For other versions of this work, see The Elfin Knight.
177761A Book of Nursery Songs and Rhymes — Nursery Songs/I. THE TASKSabine Baring-Gould

Will you buy me, my lady, a cambric shirt?
Whilst every grove rings with a merry antine (antienne);
And stitch it without any needle-work?
O and then you shall be a true lover of mine.

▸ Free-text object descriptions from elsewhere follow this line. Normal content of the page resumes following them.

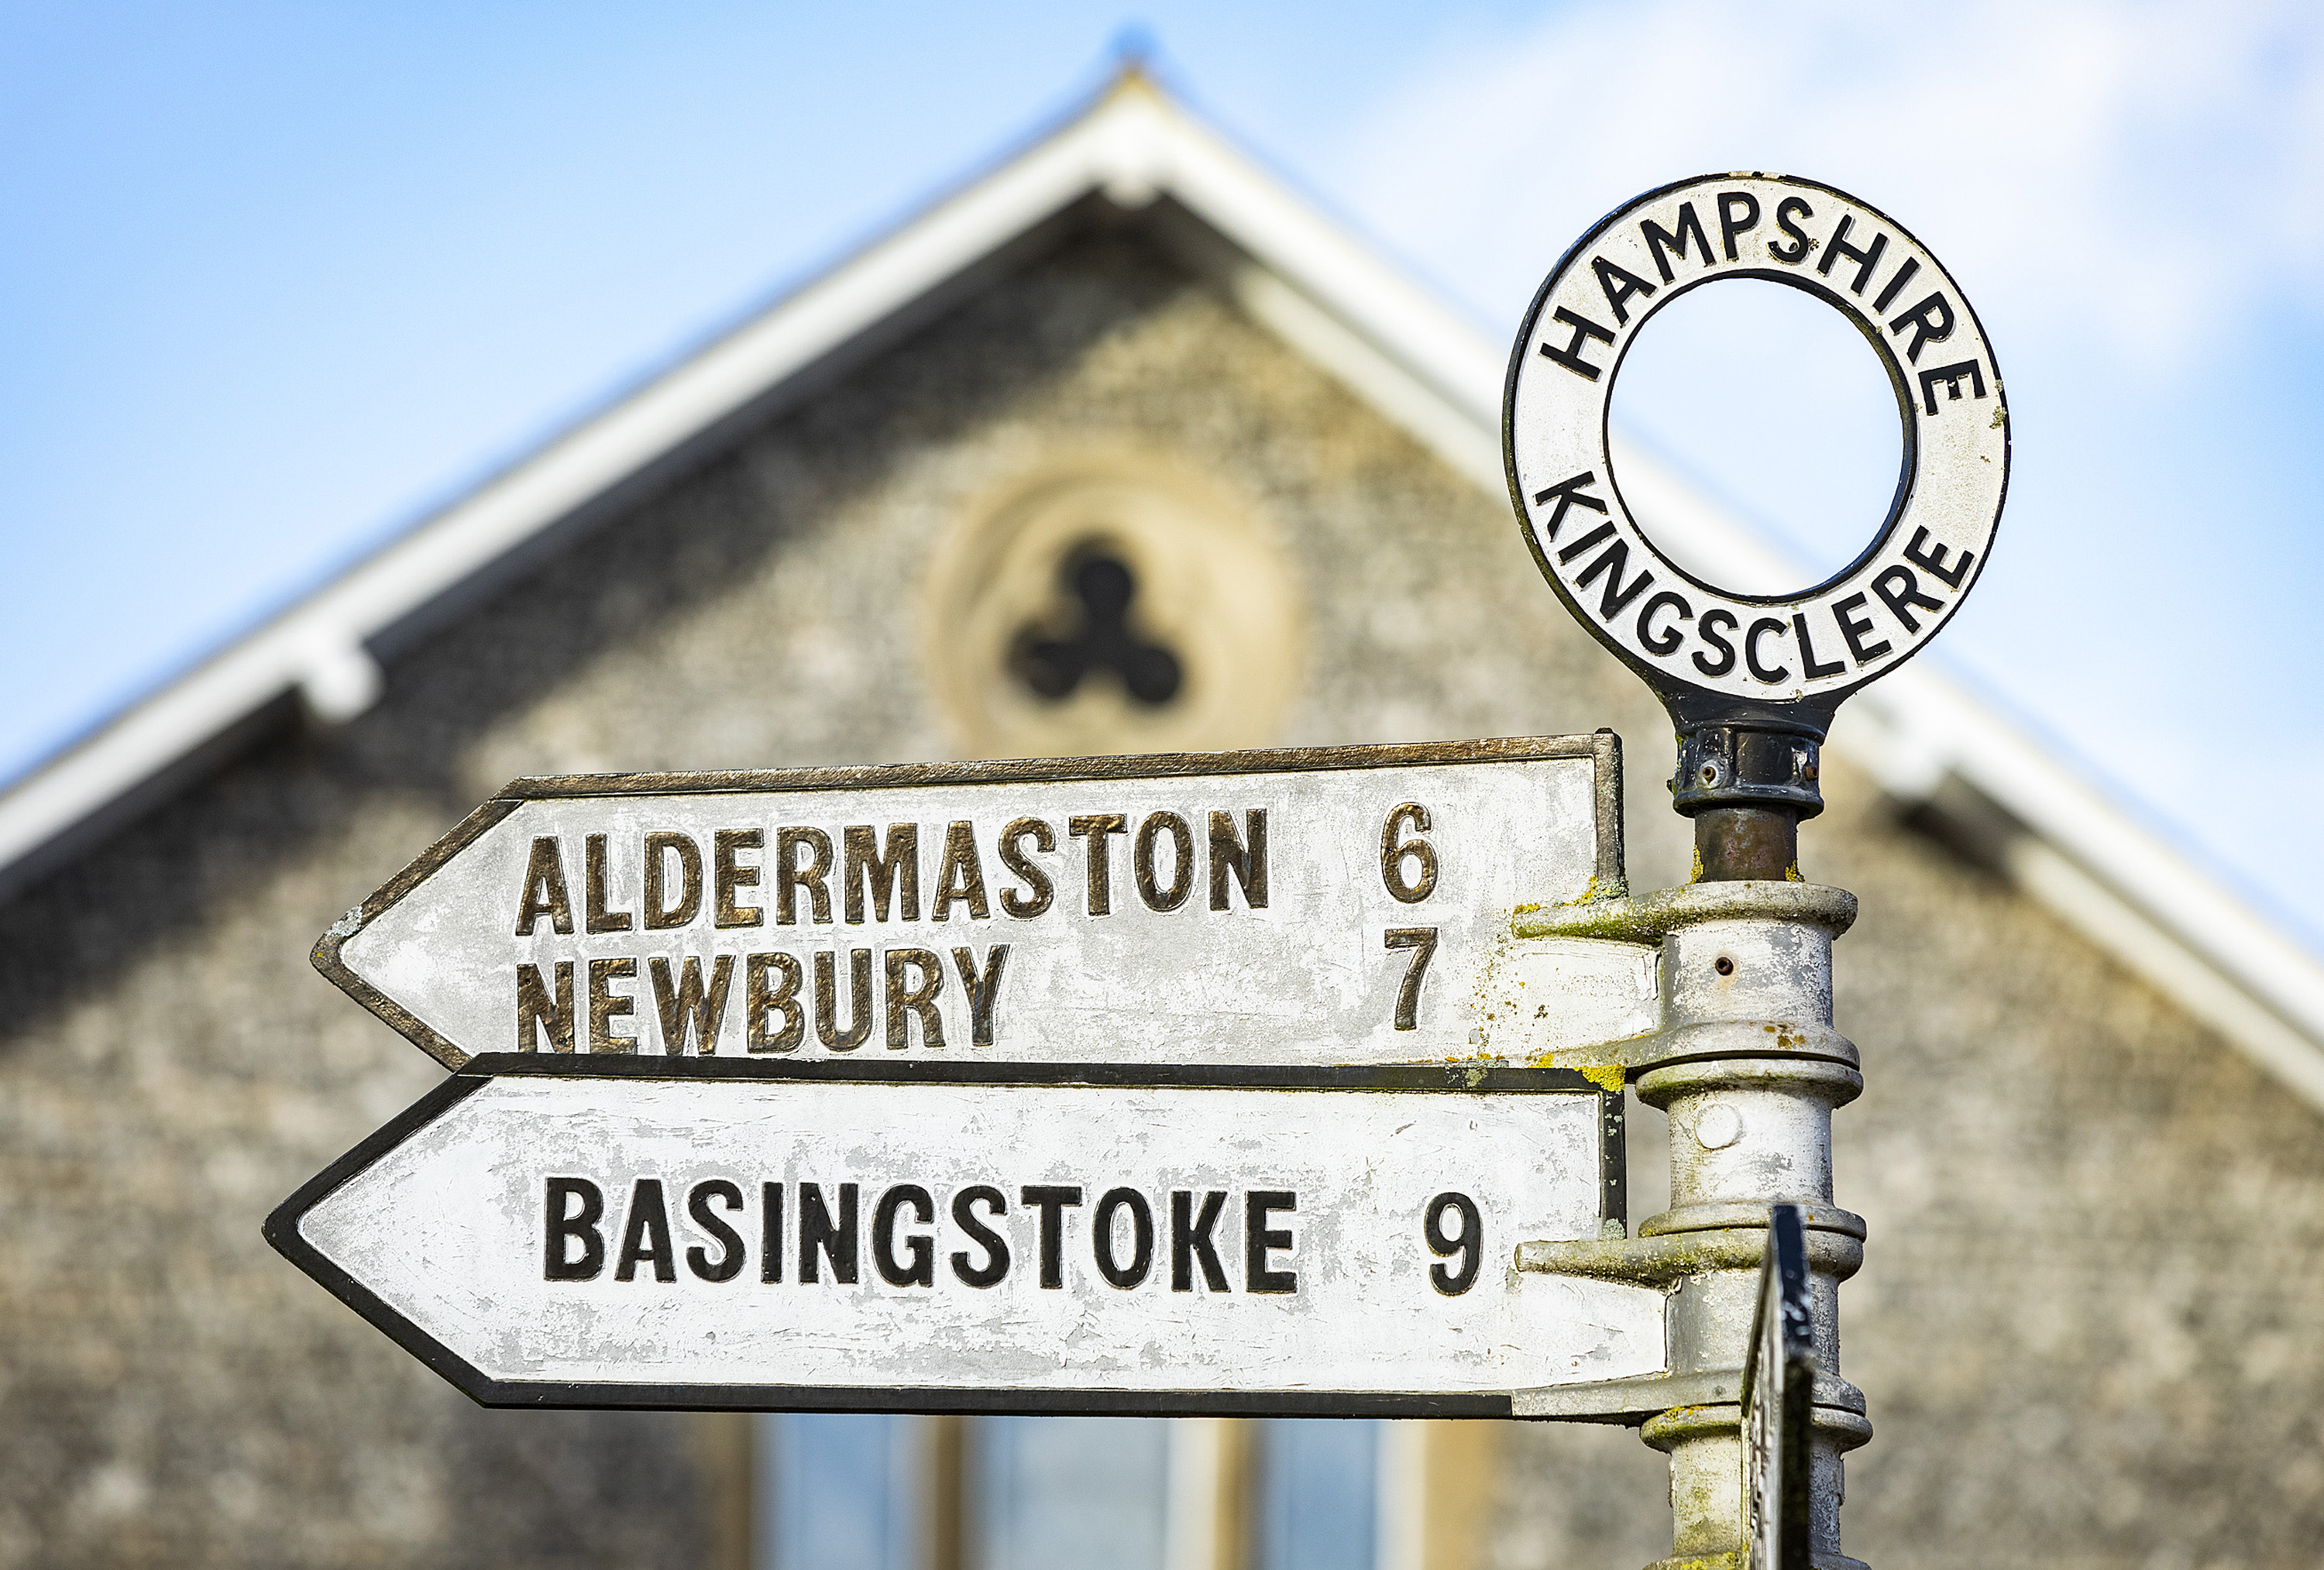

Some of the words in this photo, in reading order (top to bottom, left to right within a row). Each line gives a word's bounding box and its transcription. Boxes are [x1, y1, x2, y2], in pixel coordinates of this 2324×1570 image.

[1538, 191, 1987, 416] HAMPSHIRE
[1535, 470, 1975, 684] KINGSCLERE
[515, 808, 1268, 936] ALDERMASTON
[1380, 801, 1439, 903] 6
[517, 942, 1010, 1055] NEWBURY
[1384, 926, 1439, 1031] 7
[544, 1177, 1298, 1293] BASINGSTOKE
[1423, 1190, 1483, 1297] 9
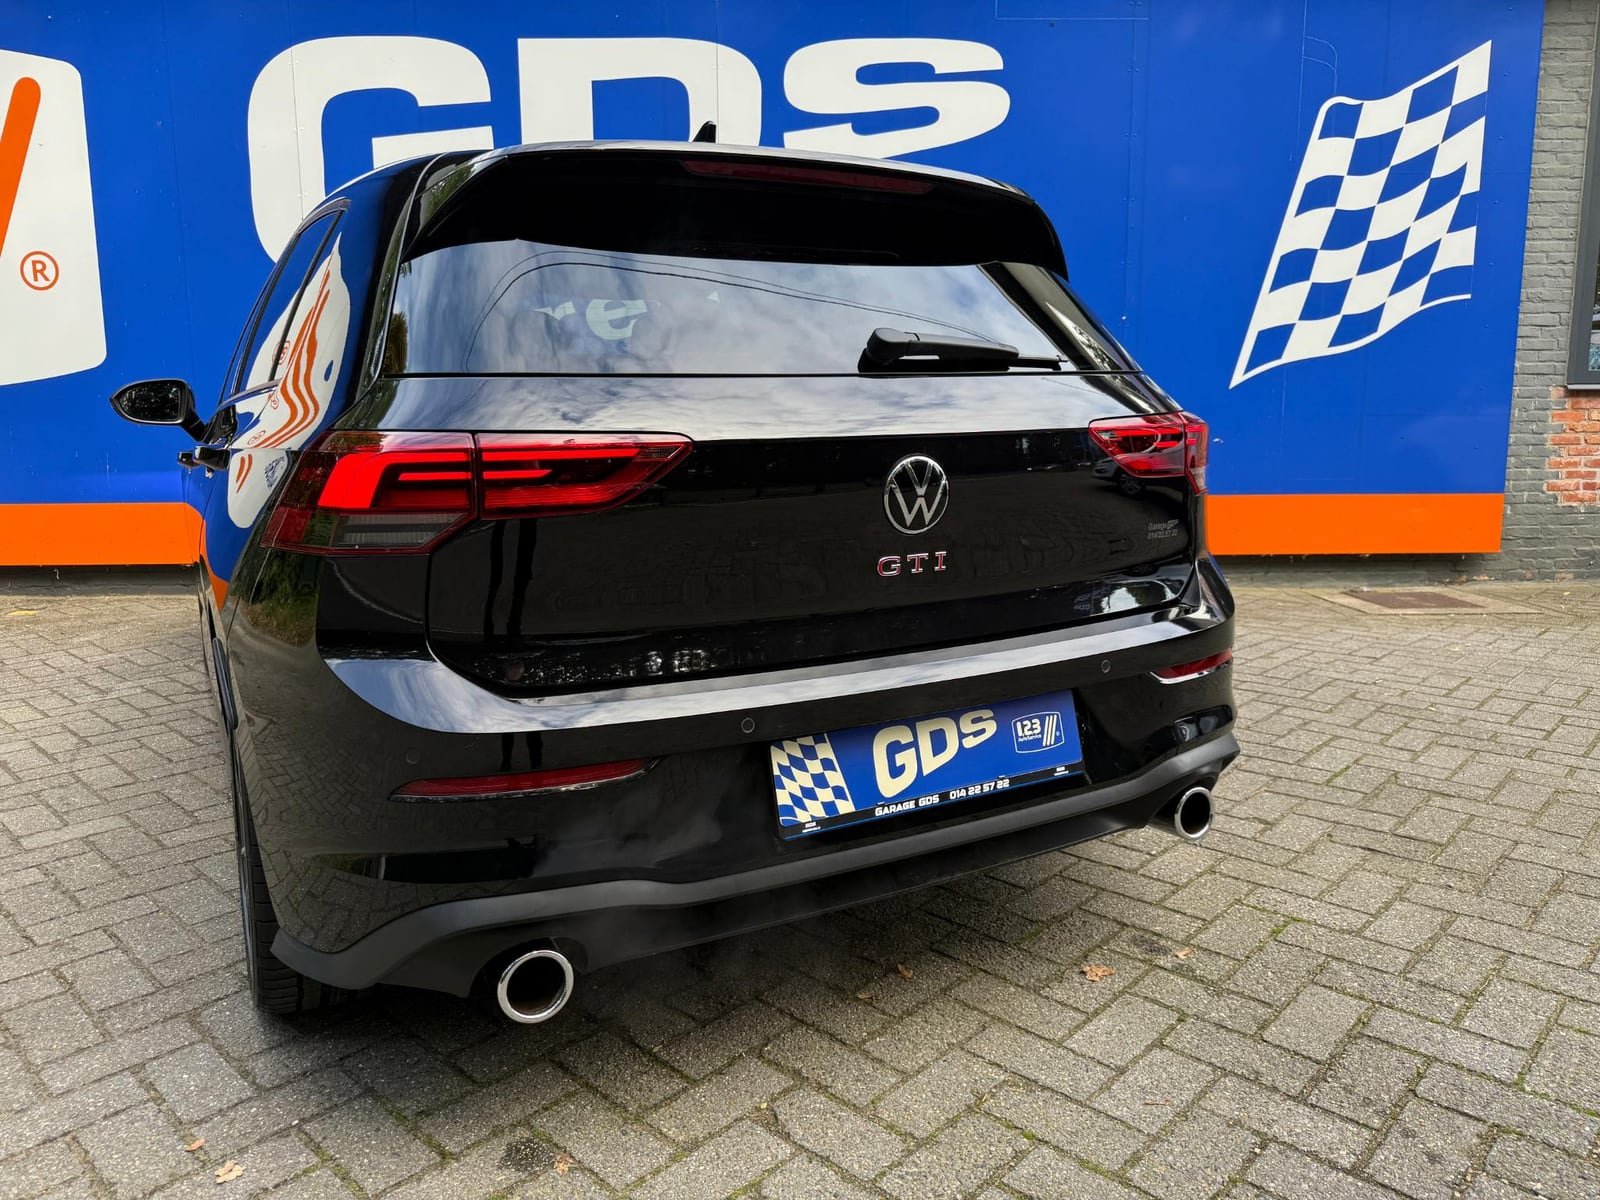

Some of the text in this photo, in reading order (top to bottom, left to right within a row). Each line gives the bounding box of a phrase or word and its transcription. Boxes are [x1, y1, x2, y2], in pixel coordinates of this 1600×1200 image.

[247, 36, 1011, 262] GDS
[877, 551, 947, 577] GTI
[873, 709, 998, 798] GDS
[875, 778, 1010, 816] GARAGE GDS 014 22 57 22

O and you must wash it in yonder well,
Whilst every grove, etc.
Where never a drop of water in fell.
O and then, etc.
O and you must hang it upon a white thorn,
Whilst every grove, etc.
That never has blossomed since Adam was born.
O and then, etc.
O and when that these tasks are finished and done,
Whilst every grove, etc.
I will take thee and marry thee under the sun.
O and then, etc.
Or that ever I do these two and three,
Whilst every grove, etc.
I will set of tasks as many to three,
O and then, etc.
You must buy for me an acre of land,
Whilst every grove, etc.
Between the salt sea and the yellow sand,
O and then, etc.
You must plough it o'er with a horse's horn,
Whilst every grove, etc.
And sow it all over with one pepper-corn,
O and then, etc.
You must reap it, too, with a piece of leather,
Whilst every grove, etc.
And bind it all up with a peacock's feather,
O and then, etc.
You must take it up in a bottomless sack,
Whilst every grove, etc.
And bear it to the mill on a butterfly's back,
O and then, etc.
And when that these tasks are finished and done,
Whilst every grove, etc.
O then will I marry thee under the sun,
And then thou shalt be a true lover of mine.